Understanding the Apex

Part 3 - Brooke's story.

By Brooke Mason - Surfer

Instagram @brookiemason

Photo: Matt Draper @mattdraperphotography

Photo: Matt Draper @mattdraperphotography

Tasmanian surfer Brooke Mason had been living in Byron and was in the water next to Tadashi Nakahara on the morning of his attack.

Brooke on the morning of Tadashi's attack.

Brooke on the morning of Tadashi's attack.

Tadashi had just got barrelled right in front of me about five minutes before the attack, and I claimed it for him “yewwww!”. He was a super smiley guy and a good surfer I remember thinking he really kicks out his back foot on his turns and that's what I was trying to do. It was sunny and super fun, consistent surf with enough waves for everyone and there was hardly anyone out. I was just pinching myself thinking this place is heaven.

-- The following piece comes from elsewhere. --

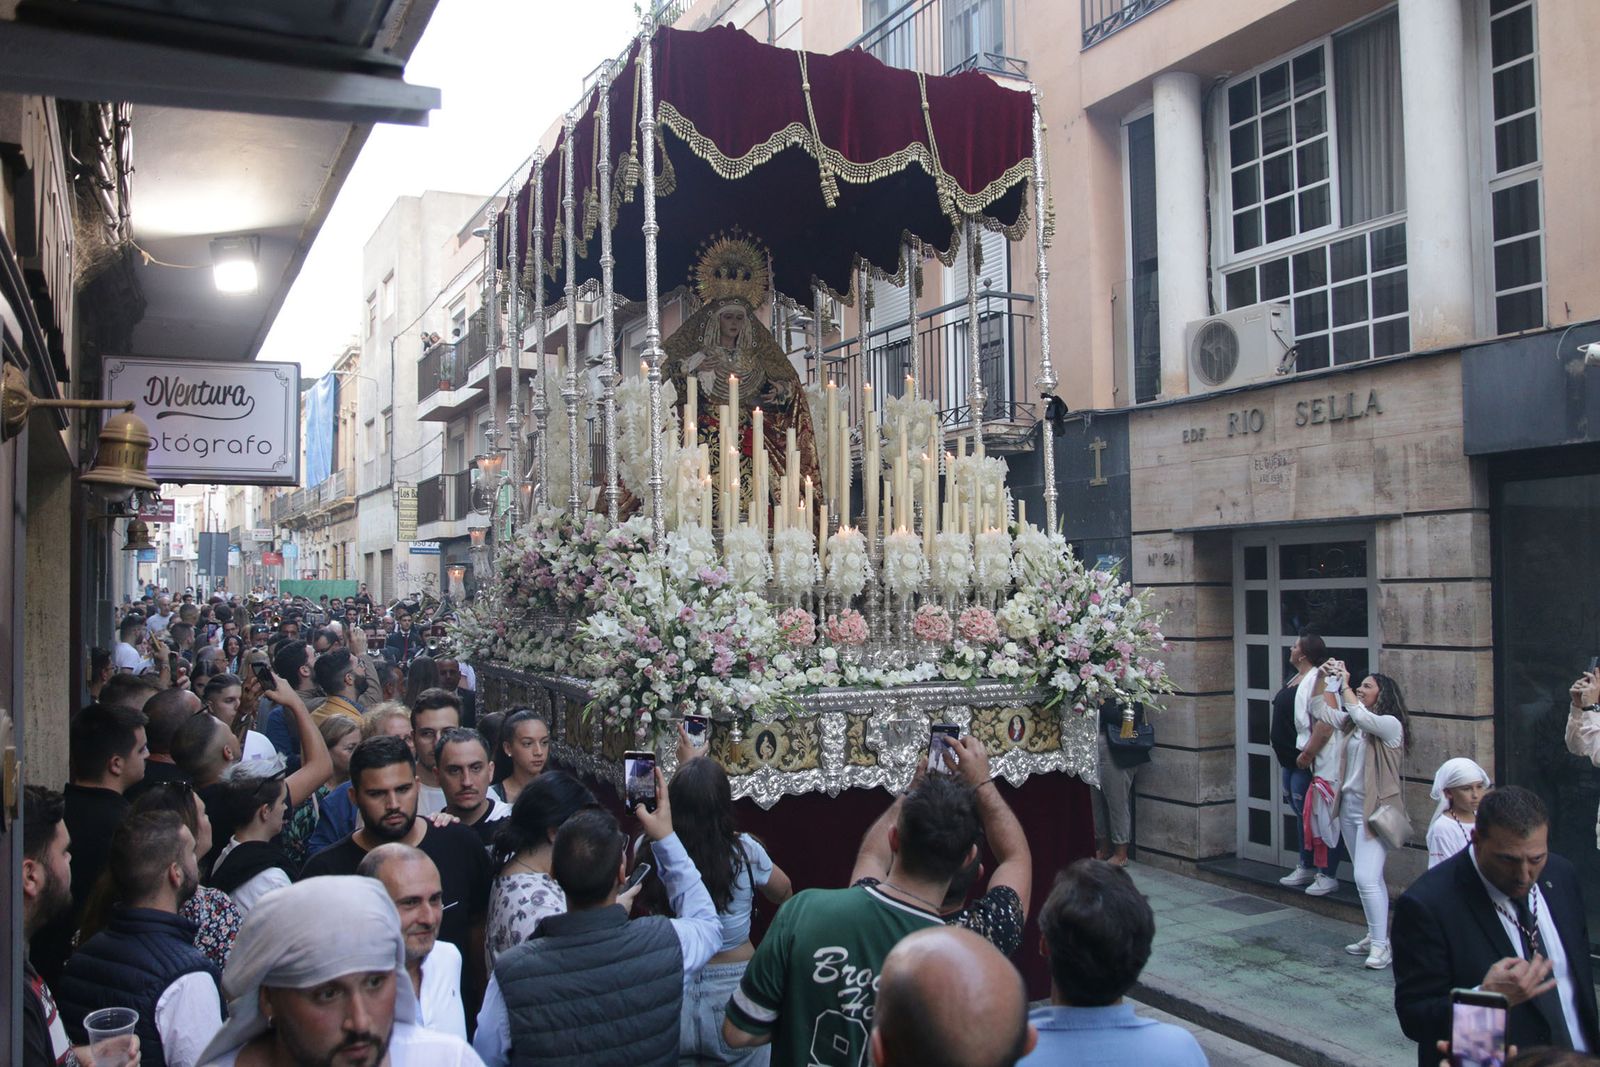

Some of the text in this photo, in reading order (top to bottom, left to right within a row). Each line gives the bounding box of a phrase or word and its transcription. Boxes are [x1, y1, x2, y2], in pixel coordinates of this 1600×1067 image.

[1182, 388, 1383, 444] EDF. RIO SELLA
[149, 432, 272, 458] otógrafo

I watched Tadashi get dragged under about 20 meters from me, in a lull between the sets…He didn't make a sound just looked shocked and went under. I thought he initially went under for a swim, but his board had gone too and then there was all this blood. I got on my board with my arms and legs up in the air and was frozen to the spot. I told myself “if he comes up I'll go over there” but everything in my body was paralysed and I was just looking at the blood and the bubbles.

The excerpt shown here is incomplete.